++++ Extracted material

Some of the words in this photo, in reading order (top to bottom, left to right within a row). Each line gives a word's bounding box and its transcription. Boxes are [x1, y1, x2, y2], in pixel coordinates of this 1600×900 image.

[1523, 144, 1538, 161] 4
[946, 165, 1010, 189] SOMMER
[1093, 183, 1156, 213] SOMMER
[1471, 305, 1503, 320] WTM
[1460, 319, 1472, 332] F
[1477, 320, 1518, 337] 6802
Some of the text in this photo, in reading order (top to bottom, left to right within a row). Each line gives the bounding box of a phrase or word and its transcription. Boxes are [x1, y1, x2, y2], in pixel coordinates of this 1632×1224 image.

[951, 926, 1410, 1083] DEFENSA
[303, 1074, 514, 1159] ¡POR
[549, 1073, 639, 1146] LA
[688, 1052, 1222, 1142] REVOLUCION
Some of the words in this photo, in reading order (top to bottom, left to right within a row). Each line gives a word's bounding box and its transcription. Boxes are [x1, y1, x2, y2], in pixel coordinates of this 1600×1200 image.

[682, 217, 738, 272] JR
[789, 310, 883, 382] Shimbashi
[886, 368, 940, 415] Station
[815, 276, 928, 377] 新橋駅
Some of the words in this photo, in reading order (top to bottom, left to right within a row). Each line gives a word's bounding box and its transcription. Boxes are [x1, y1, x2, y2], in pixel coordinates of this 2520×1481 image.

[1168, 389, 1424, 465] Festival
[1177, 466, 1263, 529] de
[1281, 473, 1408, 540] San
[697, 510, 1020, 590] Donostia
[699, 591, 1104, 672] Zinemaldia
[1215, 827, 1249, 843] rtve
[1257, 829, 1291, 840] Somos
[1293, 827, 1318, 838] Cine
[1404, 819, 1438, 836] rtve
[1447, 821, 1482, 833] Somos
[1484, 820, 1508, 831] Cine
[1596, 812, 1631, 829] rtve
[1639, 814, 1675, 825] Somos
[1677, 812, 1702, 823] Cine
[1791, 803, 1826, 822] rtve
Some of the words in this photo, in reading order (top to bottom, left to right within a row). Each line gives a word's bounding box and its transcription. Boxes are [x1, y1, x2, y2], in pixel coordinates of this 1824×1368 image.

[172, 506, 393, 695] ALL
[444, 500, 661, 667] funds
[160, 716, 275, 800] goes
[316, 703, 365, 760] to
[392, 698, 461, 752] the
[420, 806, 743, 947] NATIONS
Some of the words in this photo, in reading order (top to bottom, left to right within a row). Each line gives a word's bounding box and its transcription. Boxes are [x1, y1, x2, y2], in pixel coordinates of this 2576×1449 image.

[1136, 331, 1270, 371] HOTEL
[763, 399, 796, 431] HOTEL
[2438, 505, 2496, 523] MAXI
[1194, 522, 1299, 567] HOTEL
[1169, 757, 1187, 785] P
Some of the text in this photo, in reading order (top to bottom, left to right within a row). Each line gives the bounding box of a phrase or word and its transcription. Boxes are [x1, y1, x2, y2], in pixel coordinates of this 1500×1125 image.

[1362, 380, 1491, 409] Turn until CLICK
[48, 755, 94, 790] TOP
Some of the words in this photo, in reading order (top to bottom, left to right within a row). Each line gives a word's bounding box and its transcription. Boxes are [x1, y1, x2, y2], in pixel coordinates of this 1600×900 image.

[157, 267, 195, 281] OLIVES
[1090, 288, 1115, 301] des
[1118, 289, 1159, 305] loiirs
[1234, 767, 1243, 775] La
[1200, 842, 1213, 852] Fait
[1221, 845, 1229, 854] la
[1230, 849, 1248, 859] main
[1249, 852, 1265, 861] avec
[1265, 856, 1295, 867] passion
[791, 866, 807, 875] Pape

++++++++

→ Exercise requirements:
Repeat the data in full. Alter nothing.

→ Exercise answer:
Some of the words in this photo, in reading order (top to bottom, left to right within a row). Each line gives a word's bounding box and its transcription. Boxes are [x1, y1, x2, y2], in pixel coordinates of this 1600×900 image.

[1523, 144, 1538, 161] 4
[946, 165, 1010, 189] SOMMER
[1093, 183, 1156, 213] SOMMER
[1471, 305, 1503, 320] WTM
[1460, 319, 1472, 332] F
[1477, 320, 1518, 337] 6802
Some of the text in this photo, in reading order (top to bottom, left to right within a row). Each line gives the bounding box of a phrase or word and its transcription. Boxes are [x1, y1, x2, y2], in pixel coordinates of this 1632×1224 image.

[951, 926, 1410, 1083] DEFENSA
[303, 1074, 514, 1159] ¡POR
[549, 1073, 639, 1146] LA
[688, 1052, 1222, 1142] REVOLUCION
Some of the words in this photo, in reading order (top to bottom, left to right within a row). Each line gives a word's bounding box and its transcription. Boxes are [x1, y1, x2, y2], in pixel coordinates of this 1600×1200 image.

[682, 217, 738, 272] JR
[789, 310, 883, 382] Shimbashi
[886, 368, 940, 415] Station
[815, 276, 928, 377] 新橋駅
Some of the words in this photo, in reading order (top to bottom, left to right within a row). Each line gives a word's bounding box and its transcription. Boxes are [x1, y1, x2, y2], in pixel coordinates of this 2520×1481 image.

[1168, 389, 1424, 465] Festival
[1177, 466, 1263, 529] de
[1281, 473, 1408, 540] San
[697, 510, 1020, 590] Donostia
[699, 591, 1104, 672] Zinemaldia
[1215, 827, 1249, 843] rtve
[1257, 829, 1291, 840] Somos
[1293, 827, 1318, 838] Cine
[1404, 819, 1438, 836] rtve
[1447, 821, 1482, 833] Somos
[1484, 820, 1508, 831] Cine
[1596, 812, 1631, 829] rtve
[1639, 814, 1675, 825] Somos
[1677, 812, 1702, 823] Cine
[1791, 803, 1826, 822] rtve
Some of the words in this photo, in reading order (top to bottom, left to right within a row). Each line gives a word's bounding box and its transcription. Boxes are [x1, y1, x2, y2], in pixel coordinates of this 1824×1368 image.

[172, 506, 393, 695] ALL
[444, 500, 661, 667] funds
[160, 716, 275, 800] goes
[316, 703, 365, 760] to
[392, 698, 461, 752] the
[420, 806, 743, 947] NATIONS
Some of the words in this photo, in reading order (top to bottom, left to right within a row). Each line gives a word's bounding box and its transcription. Boxes are [x1, y1, x2, y2], in pixel coordinates of this 2576×1449 image.

[1136, 331, 1270, 371] HOTEL
[763, 399, 796, 431] HOTEL
[2438, 505, 2496, 523] MAXI
[1194, 522, 1299, 567] HOTEL
[1169, 757, 1187, 785] P
Some of the text in this photo, in reading order (top to bottom, left to right within a row). Each line gives the bounding box of a phrase or word and its transcription. Boxes are [x1, y1, x2, y2], in pixel coordinates of this 1500×1125 image.

[1362, 380, 1491, 409] Turn until CLICK
[48, 755, 94, 790] TOP
Some of the words in this photo, in reading order (top to bottom, left to right within a row). Each line gives a word's bounding box and its transcription. Boxes are [x1, y1, x2, y2], in pixel coordinates of this 1600×900 image.

[157, 267, 195, 281] OLIVES
[1090, 288, 1115, 301] des
[1118, 289, 1159, 305] loiirs
[1234, 767, 1243, 775] La
[1200, 842, 1213, 852] Fait
[1221, 845, 1229, 854] la
[1230, 849, 1248, 859] main
[1249, 852, 1265, 861] avec
[1265, 856, 1295, 867] passion
[791, 866, 807, 875] Pape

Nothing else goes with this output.